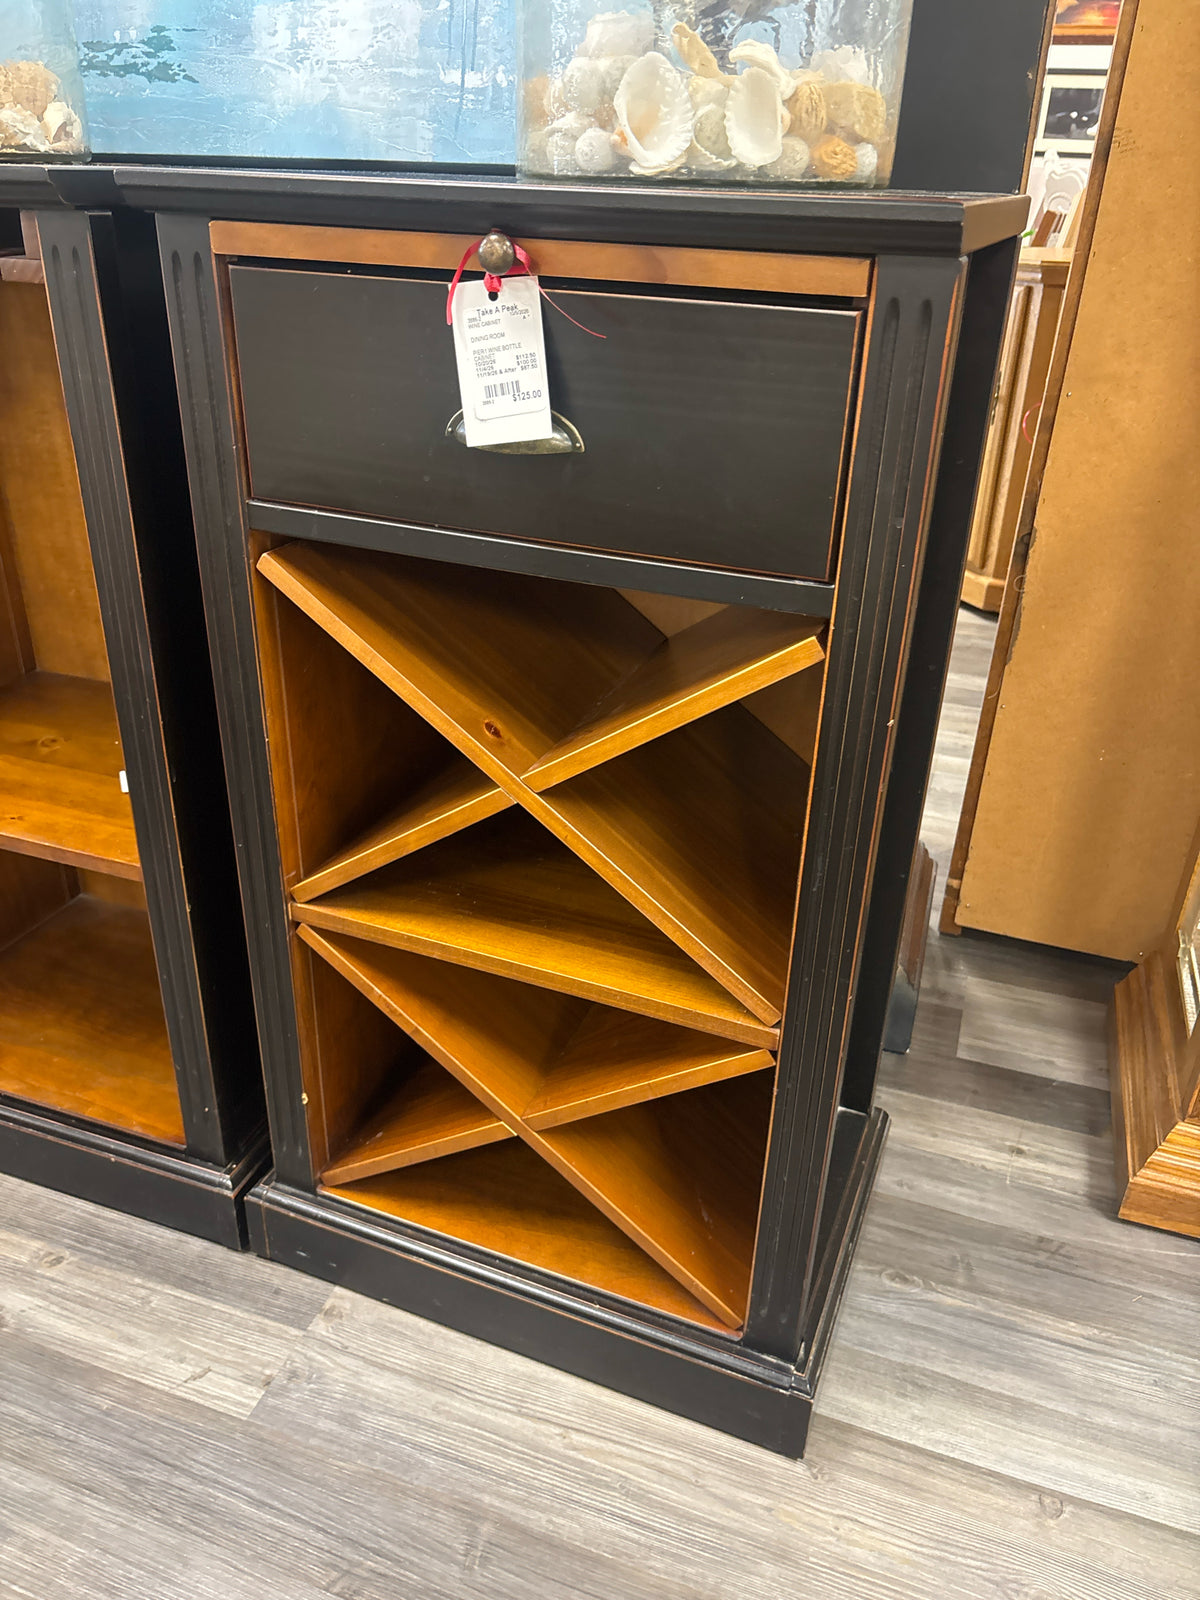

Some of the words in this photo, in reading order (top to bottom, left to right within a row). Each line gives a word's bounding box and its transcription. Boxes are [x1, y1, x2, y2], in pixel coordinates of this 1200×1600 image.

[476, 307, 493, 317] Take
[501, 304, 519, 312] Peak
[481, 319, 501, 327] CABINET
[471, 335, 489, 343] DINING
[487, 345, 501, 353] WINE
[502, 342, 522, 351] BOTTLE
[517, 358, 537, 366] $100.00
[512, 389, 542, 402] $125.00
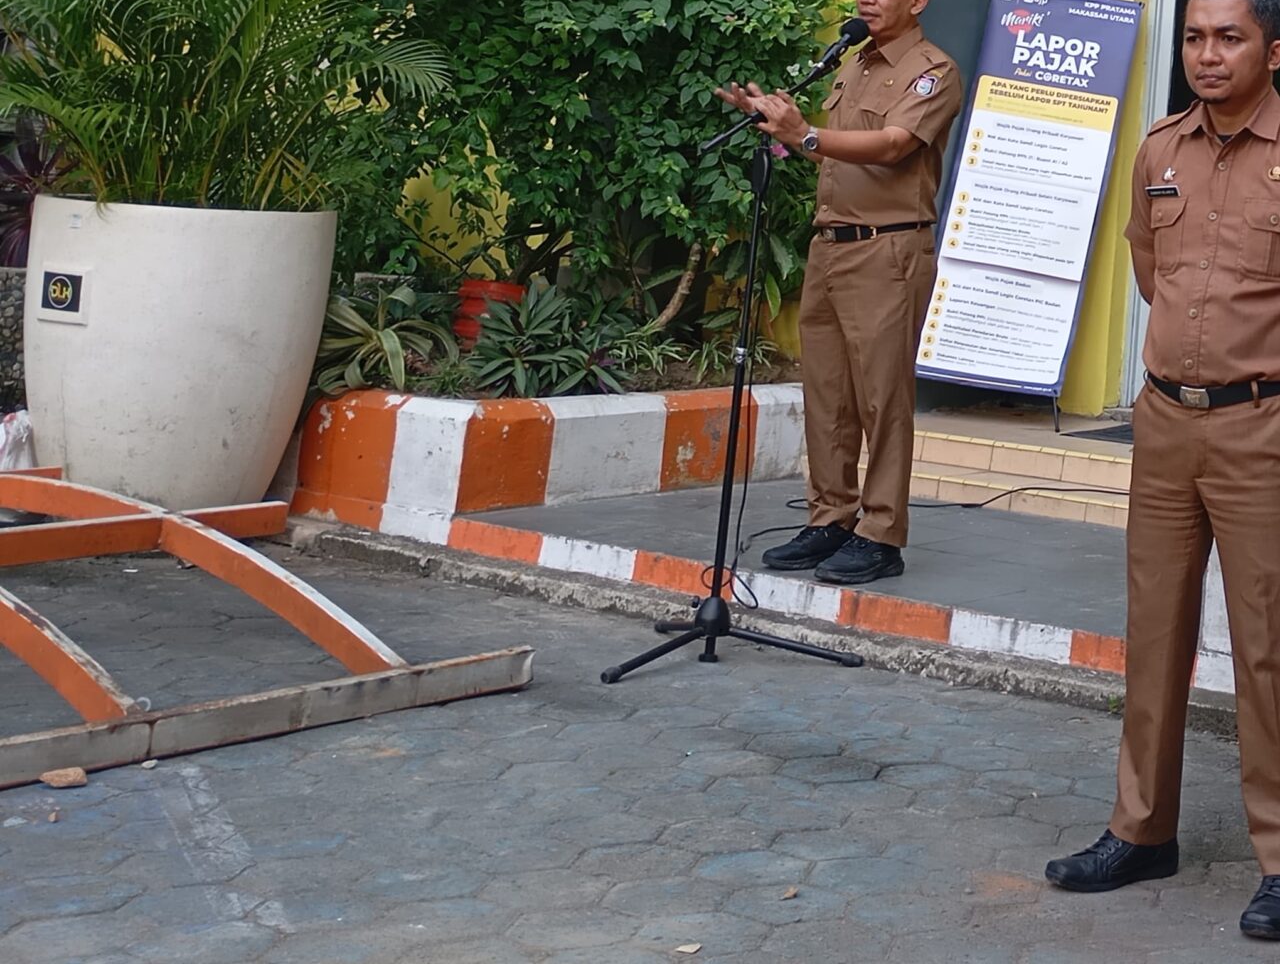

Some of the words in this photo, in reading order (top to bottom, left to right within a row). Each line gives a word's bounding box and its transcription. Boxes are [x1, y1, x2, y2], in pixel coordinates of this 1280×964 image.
·····
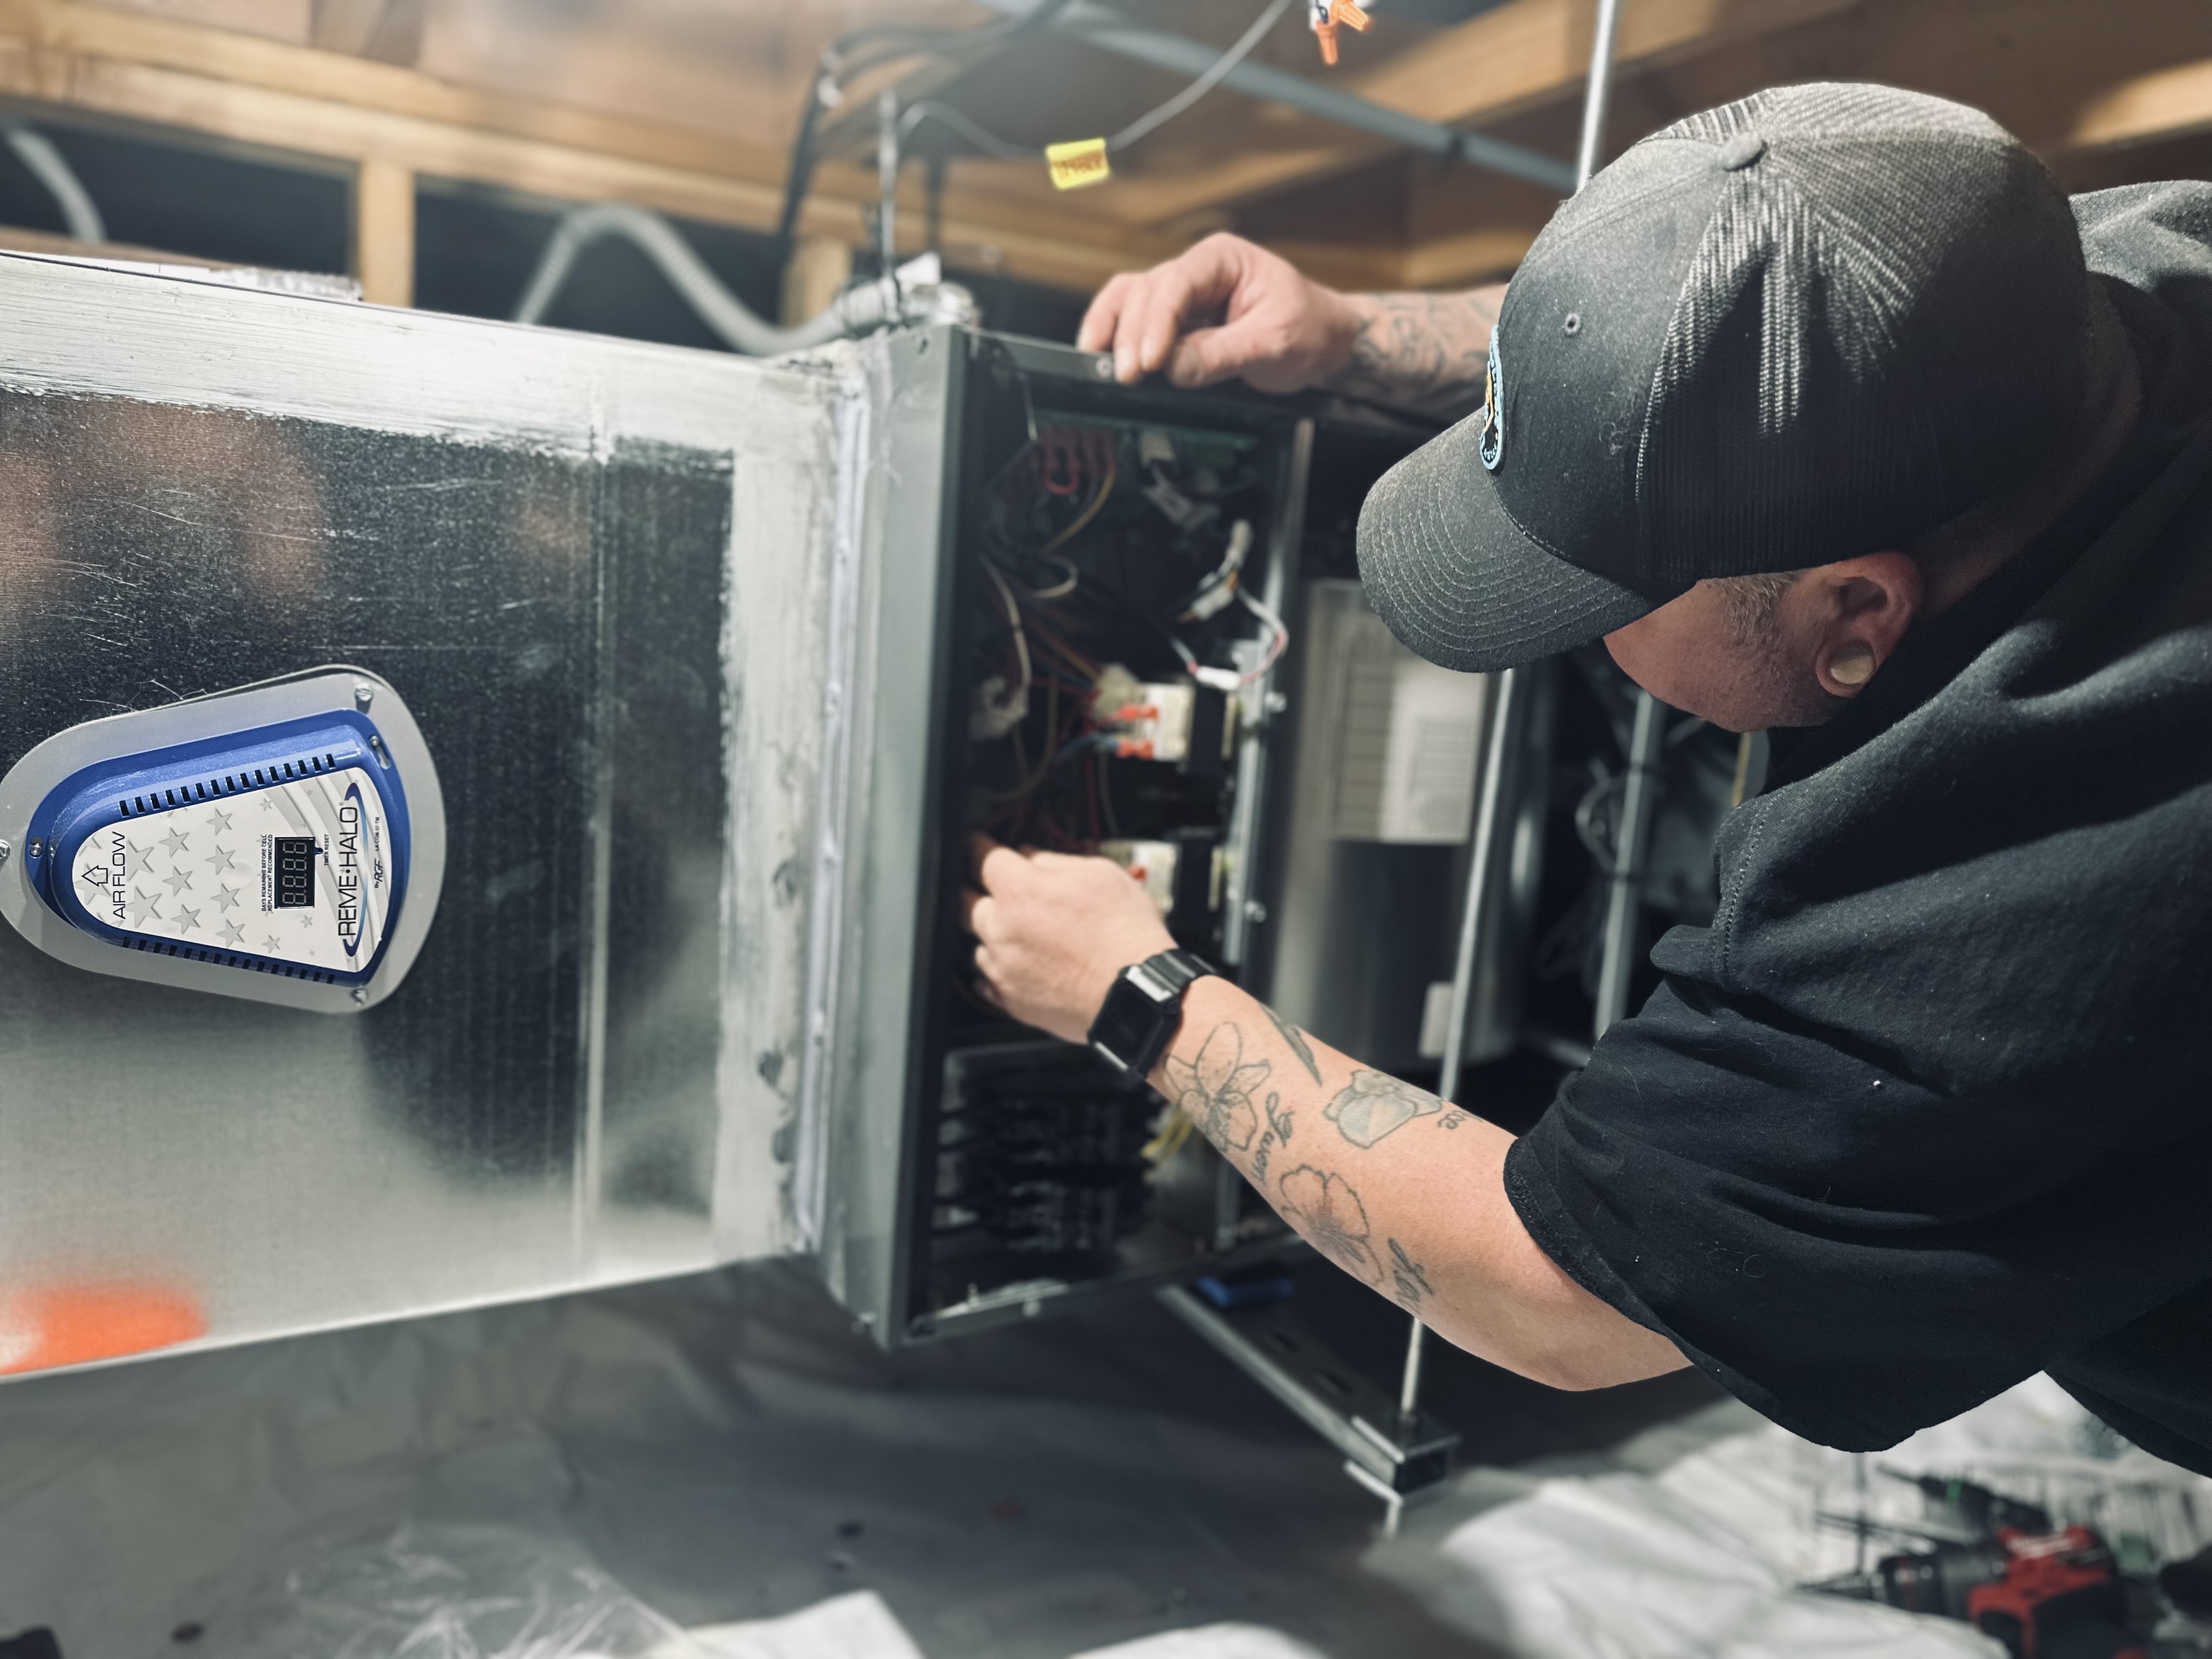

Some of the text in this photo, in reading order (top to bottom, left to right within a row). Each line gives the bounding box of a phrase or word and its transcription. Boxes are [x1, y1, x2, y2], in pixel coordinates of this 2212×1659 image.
·····
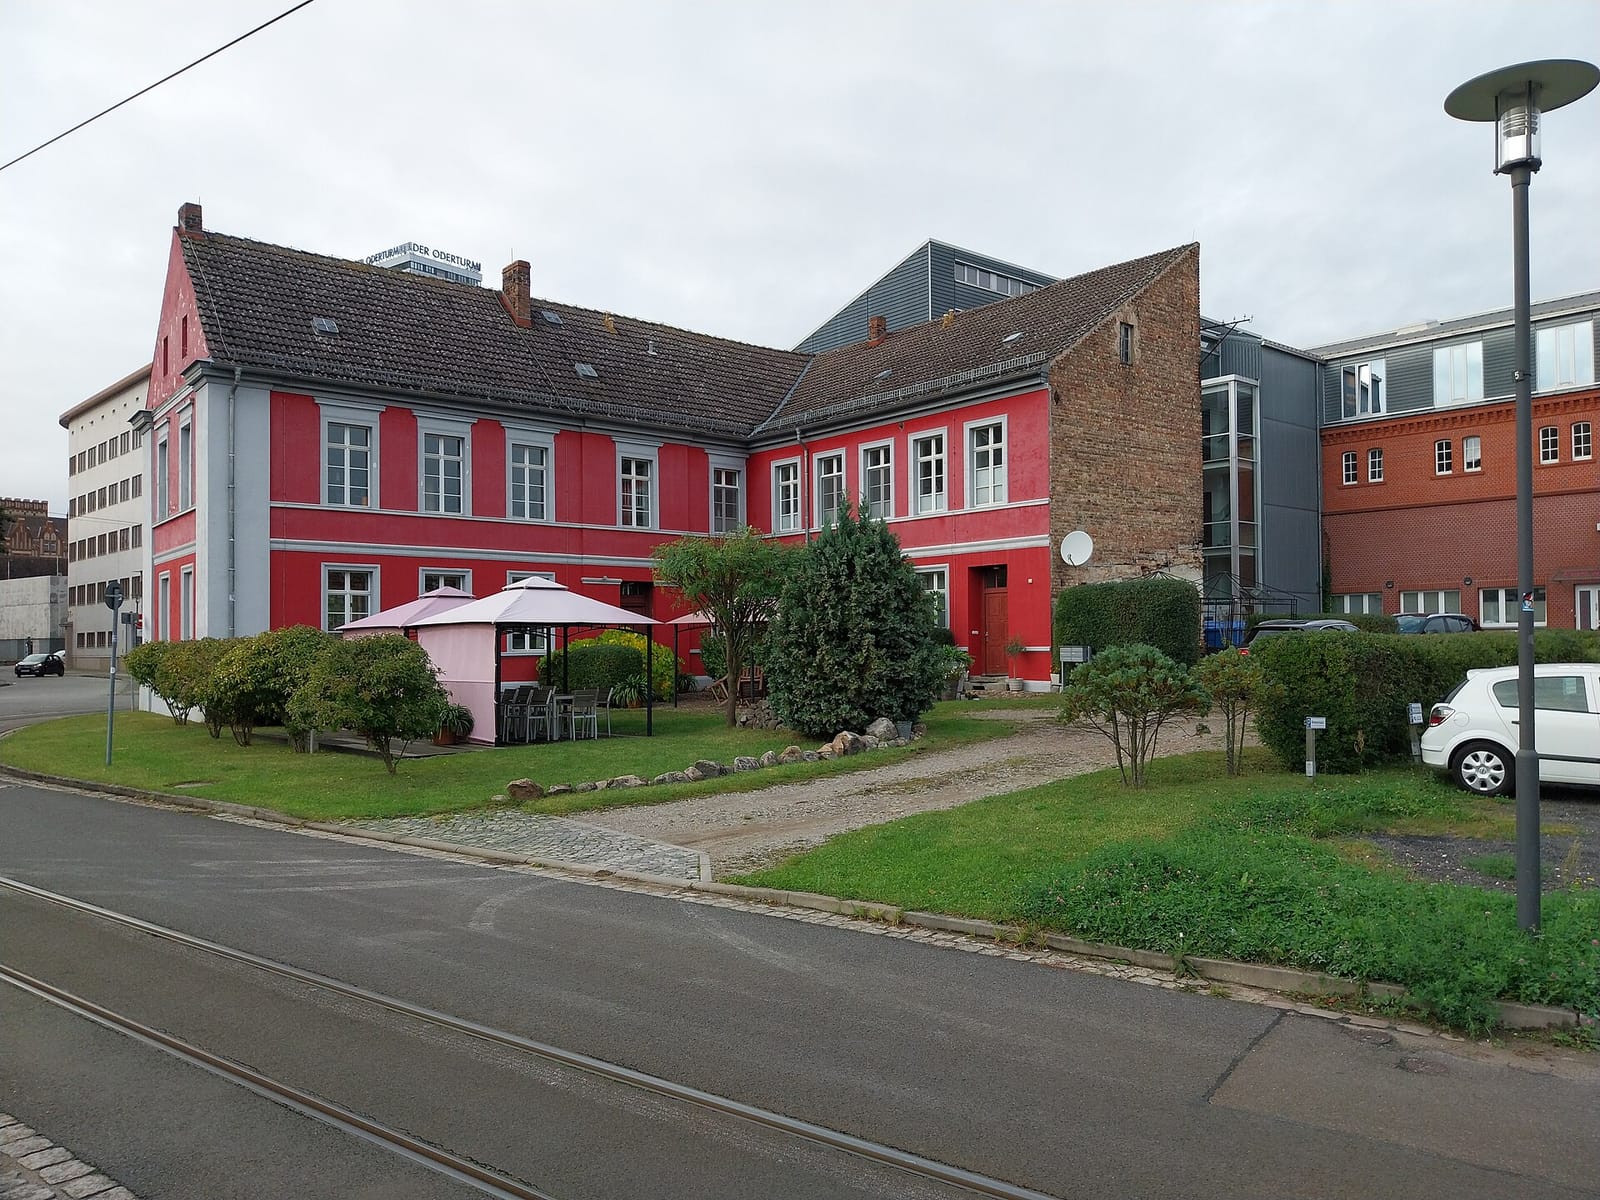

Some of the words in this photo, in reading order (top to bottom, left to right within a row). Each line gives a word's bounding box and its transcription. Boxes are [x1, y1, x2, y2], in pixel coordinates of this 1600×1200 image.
·····
> [REQUIRED ACTION]:
Working from the data above, repeat exactly, and only, the lines that begin at the line containing "this 1200×1600 image." and stop after the line containing "this 1280×964 image."; pictures are not copied.

> [RESPONSE BELOW]:
Some of the words in this photo, in reading order (top to bottom, left to right within a row). Each line gives a word's bounding box and its transcription. Boxes are [x1, y1, x2, y2], in pixel coordinates of this 1200×1600 image.

[476, 307, 493, 317] Take
[501, 304, 519, 312] Peak
[481, 319, 501, 327] CABINET
[471, 335, 489, 343] DINING
[487, 345, 501, 353] WINE
[502, 342, 522, 351] BOTTLE
[517, 358, 537, 366] $100.00
[512, 389, 542, 402] $125.00

Some of the words in this photo, in reading order (top to bottom, left to right within a row). Each line gives a word's bounding box and its transcription. Boxes are [x1, y1, x2, y2], in pixel coordinates of this 1280×964 image.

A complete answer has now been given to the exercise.